- _BRIEF_
A faithful copy of the entries, without any pictures, is what is needed here.

- _EXTRACTED INFORMATION_
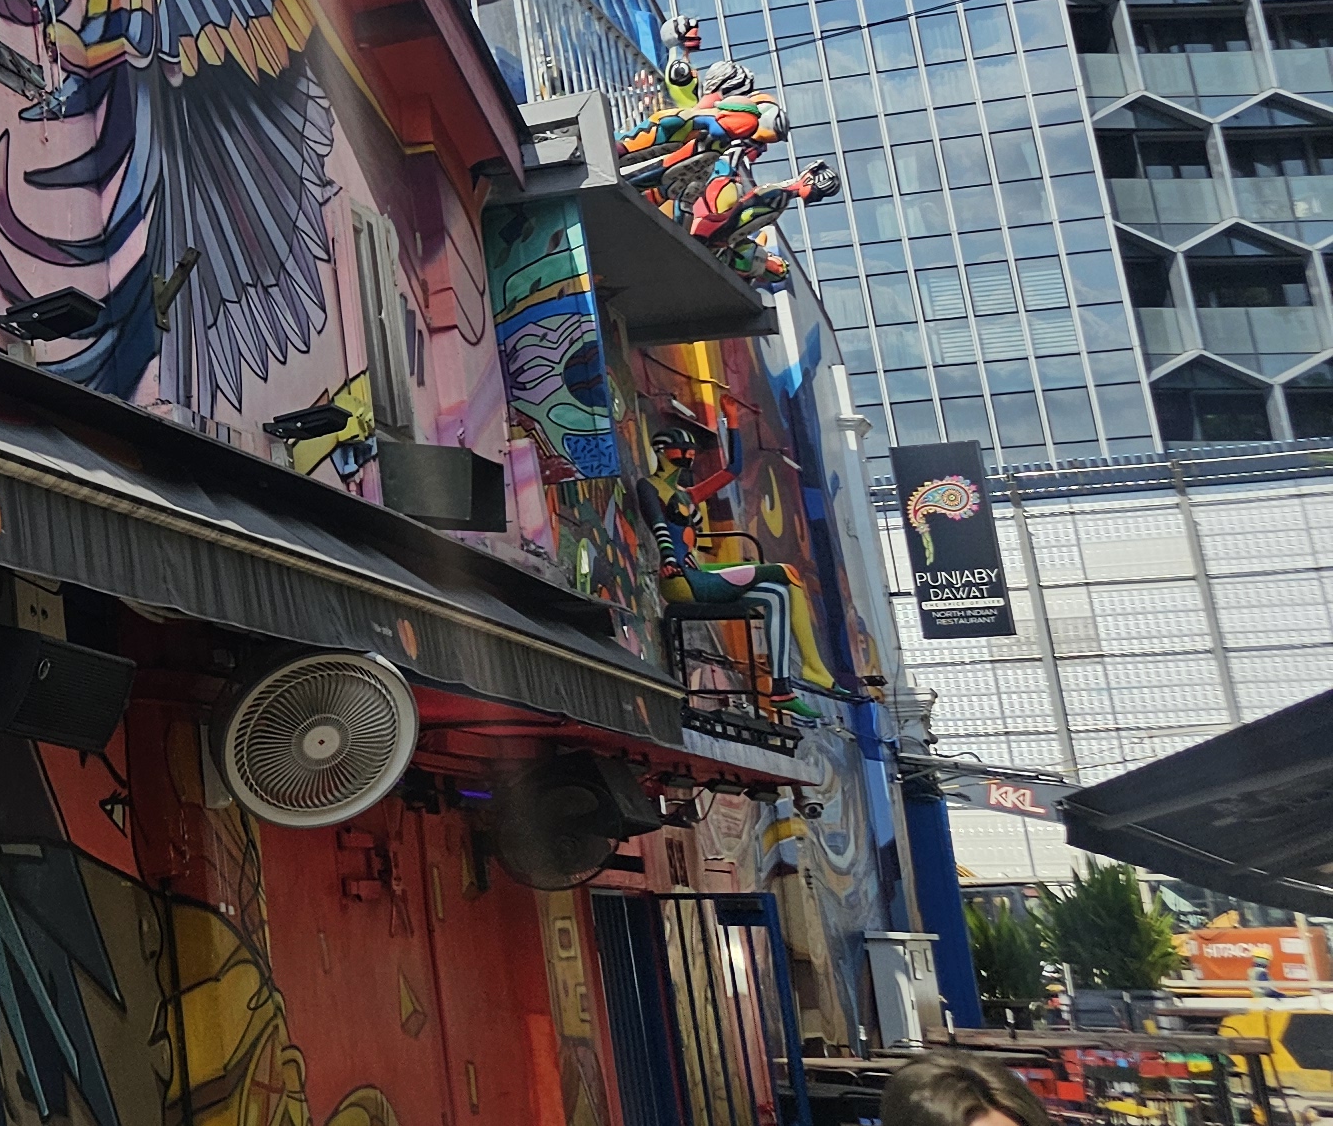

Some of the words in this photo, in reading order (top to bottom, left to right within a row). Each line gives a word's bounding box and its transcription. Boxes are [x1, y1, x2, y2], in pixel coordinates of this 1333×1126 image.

[916, 568, 999, 587] PUNJABY
[930, 585, 990, 600] DAWAT
[932, 609, 965, 618] NORTH
[966, 608, 998, 617] INDIAN
[936, 616, 996, 625] RESTAURANT
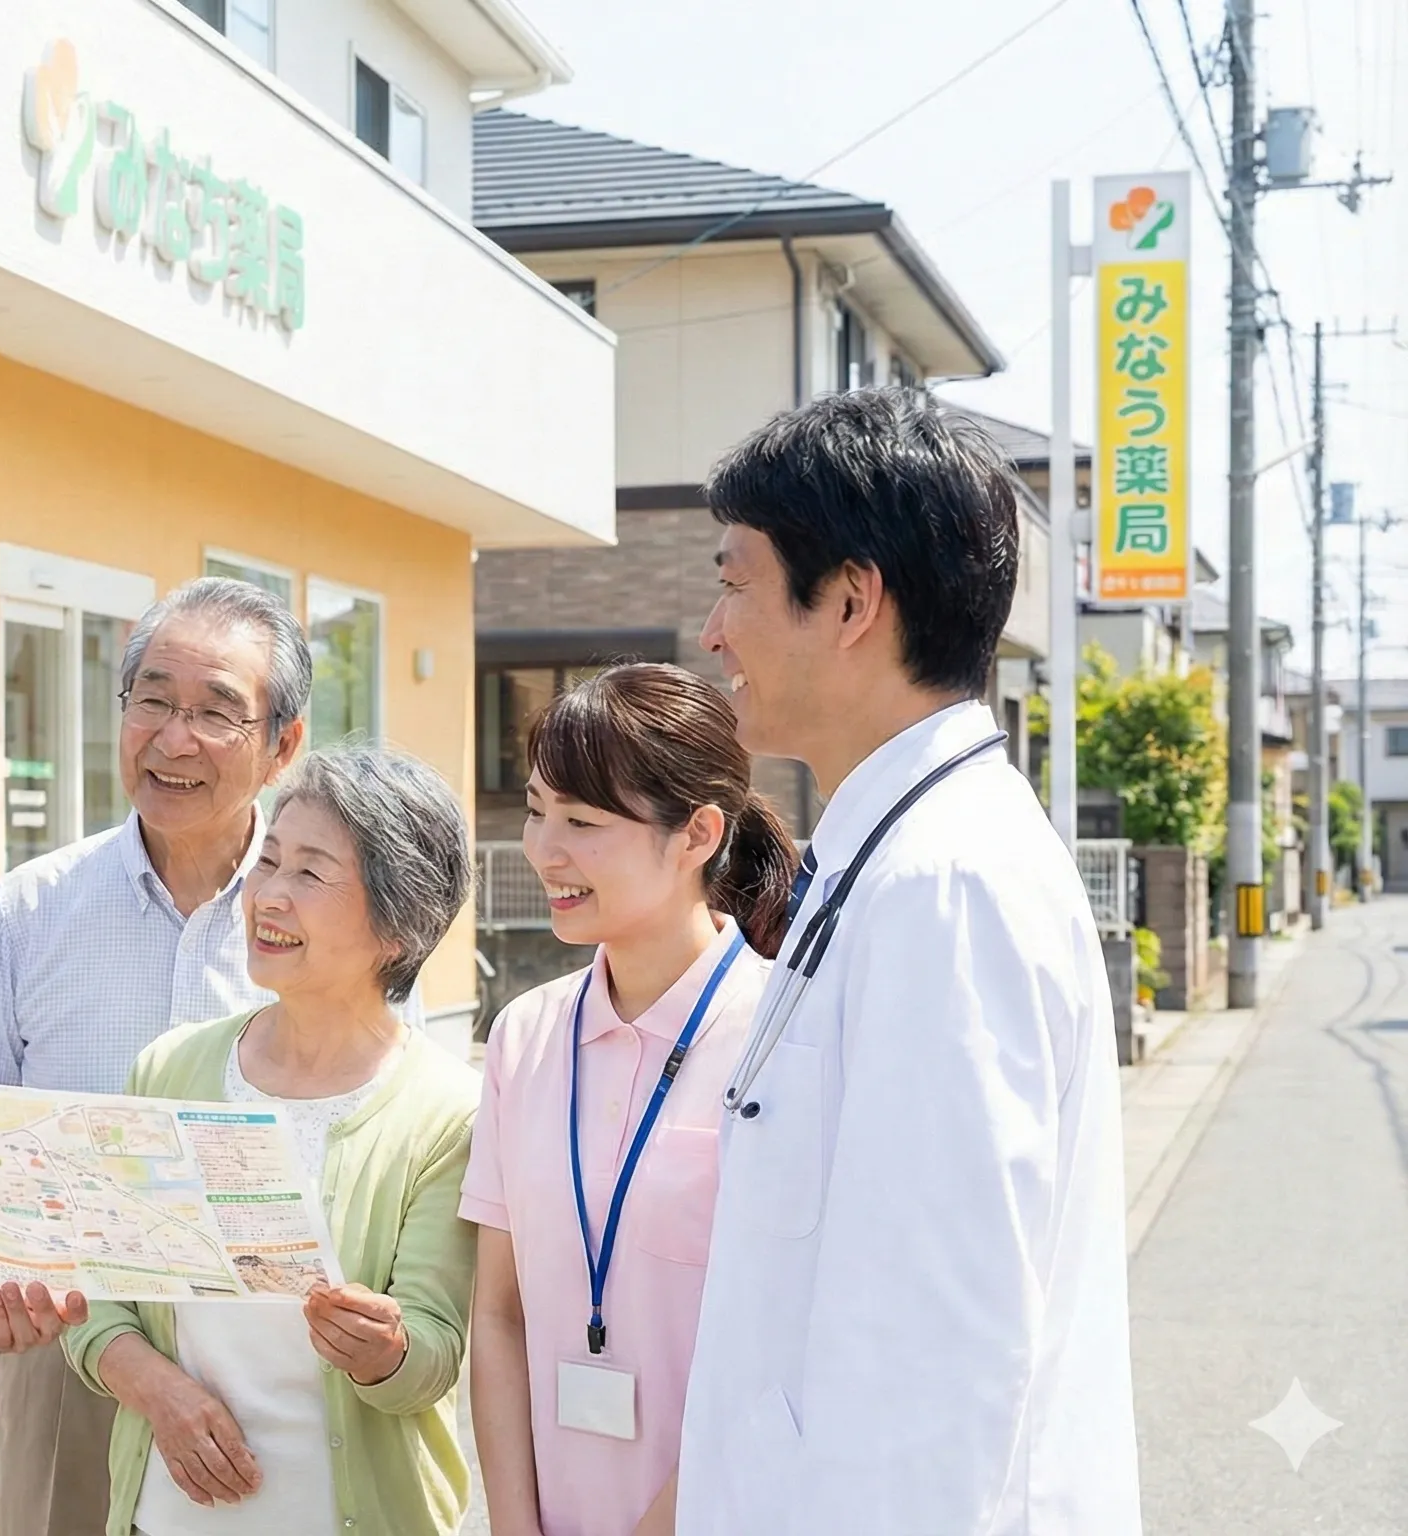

- _SOLUTION_
Some of the words in this photo, in reading order (top to bottom, left to right within a row). Each line gives a word's bounding box and its transcription. Boxes are [x1, y1, x2, y2], in pixel coordinates of this 1333×1126 image.

[916, 568, 999, 587] PUNJABY
[930, 585, 990, 600] DAWAT
[932, 609, 965, 618] NORTH
[966, 608, 998, 617] INDIAN
[936, 616, 996, 625] RESTAURANT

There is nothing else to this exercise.